Exercise brief: Write the data below out exactly as it stands. Do not include the pictures.

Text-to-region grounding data
*** Block opens ***
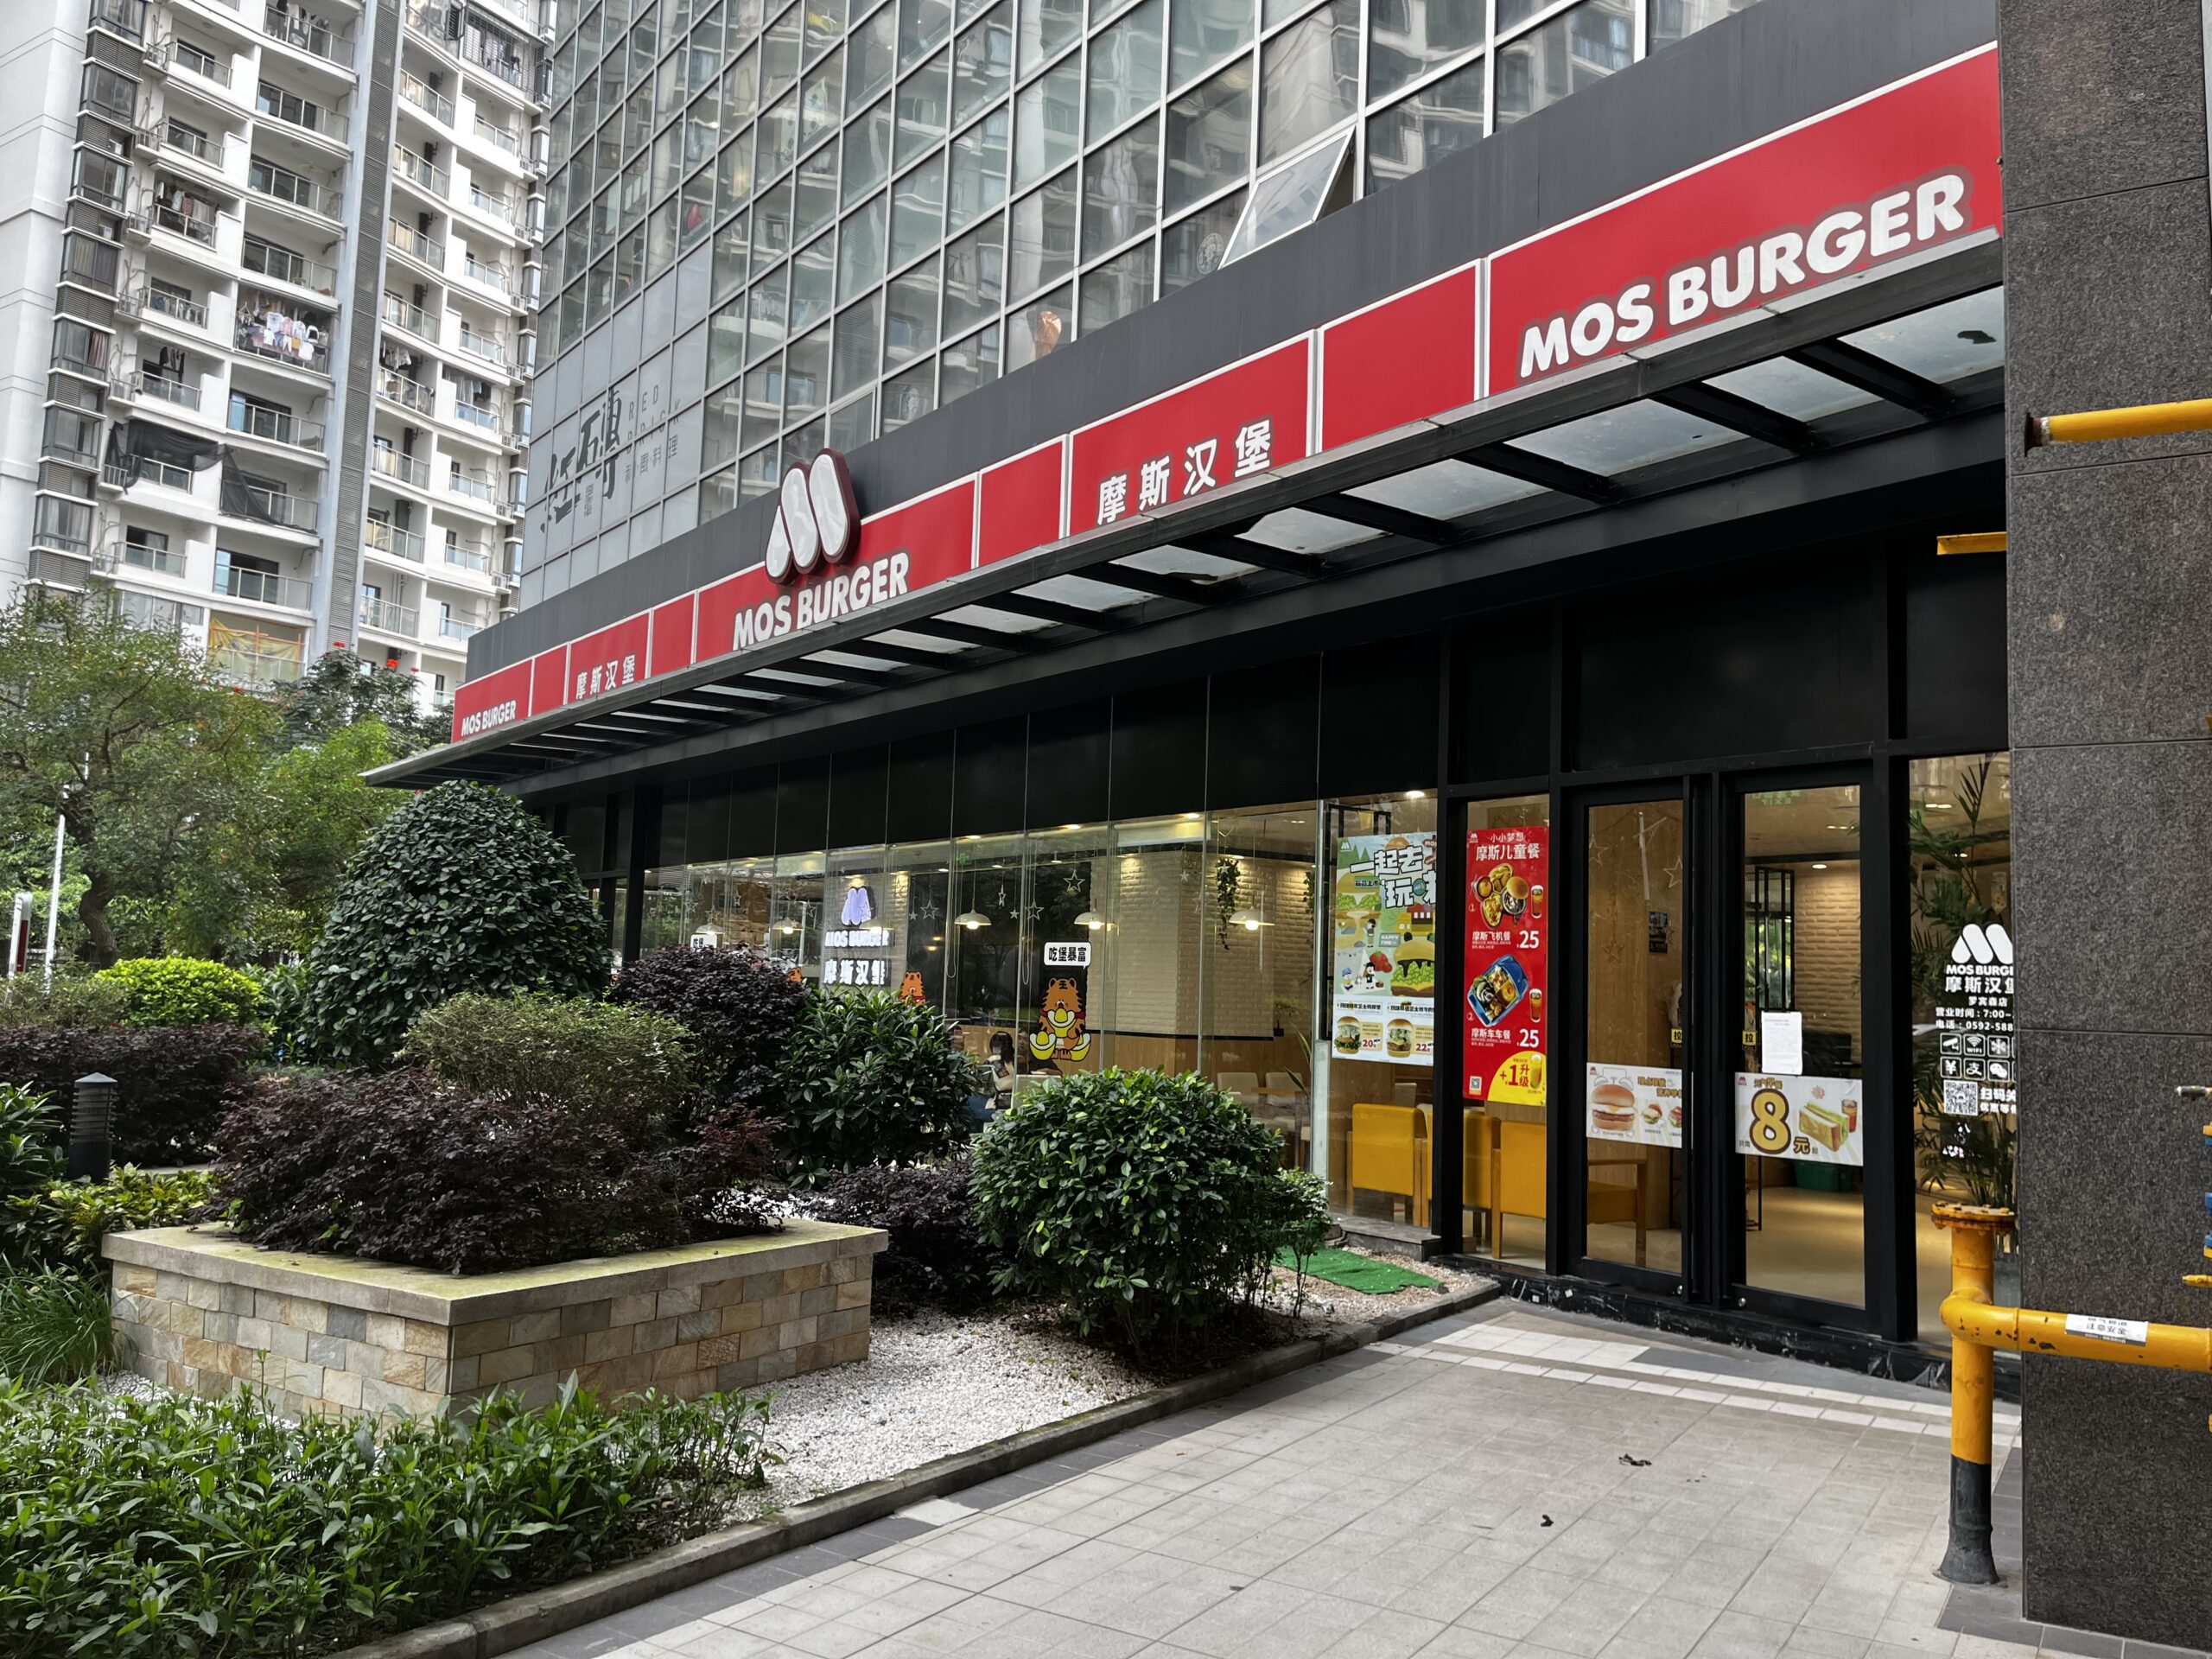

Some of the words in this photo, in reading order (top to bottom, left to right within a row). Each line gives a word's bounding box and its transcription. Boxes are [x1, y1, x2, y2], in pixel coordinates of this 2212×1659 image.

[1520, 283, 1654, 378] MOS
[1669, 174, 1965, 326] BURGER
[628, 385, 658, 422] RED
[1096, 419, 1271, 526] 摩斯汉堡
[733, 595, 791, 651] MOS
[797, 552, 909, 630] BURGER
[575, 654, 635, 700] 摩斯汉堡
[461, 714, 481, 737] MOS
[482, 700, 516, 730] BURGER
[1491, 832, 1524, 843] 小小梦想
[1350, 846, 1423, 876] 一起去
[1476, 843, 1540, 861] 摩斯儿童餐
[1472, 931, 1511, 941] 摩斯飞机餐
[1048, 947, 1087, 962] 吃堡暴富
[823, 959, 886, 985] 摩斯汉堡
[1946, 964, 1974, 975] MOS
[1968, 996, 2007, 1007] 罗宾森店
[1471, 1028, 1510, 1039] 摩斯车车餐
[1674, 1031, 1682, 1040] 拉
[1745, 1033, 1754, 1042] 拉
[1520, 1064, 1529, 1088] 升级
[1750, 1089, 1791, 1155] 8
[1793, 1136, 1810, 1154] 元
*** Block closes ***
Solution:
Some of the words in this photo, in reading order (top to bottom, left to right within a row). Each line gives a word's bounding box and its transcription. Boxes are [x1, y1, x2, y2], in pixel coordinates of this 2212×1659 image.

[1520, 283, 1654, 378] MOS
[1669, 174, 1965, 326] BURGER
[628, 385, 658, 422] RED
[1096, 419, 1271, 526] 摩斯汉堡
[733, 595, 791, 651] MOS
[797, 552, 909, 630] BURGER
[575, 654, 635, 700] 摩斯汉堡
[461, 714, 481, 737] MOS
[482, 700, 516, 730] BURGER
[1491, 832, 1524, 843] 小小梦想
[1350, 846, 1423, 876] 一起去
[1476, 843, 1540, 861] 摩斯儿童餐
[1472, 931, 1511, 941] 摩斯飞机餐
[1048, 947, 1087, 962] 吃堡暴富
[823, 959, 886, 985] 摩斯汉堡
[1946, 964, 1974, 975] MOS
[1968, 996, 2007, 1007] 罗宾森店
[1471, 1028, 1510, 1039] 摩斯车车餐
[1674, 1031, 1682, 1040] 拉
[1745, 1033, 1754, 1042] 拉
[1520, 1064, 1529, 1088] 升级
[1750, 1089, 1791, 1155] 8
[1793, 1136, 1810, 1154] 元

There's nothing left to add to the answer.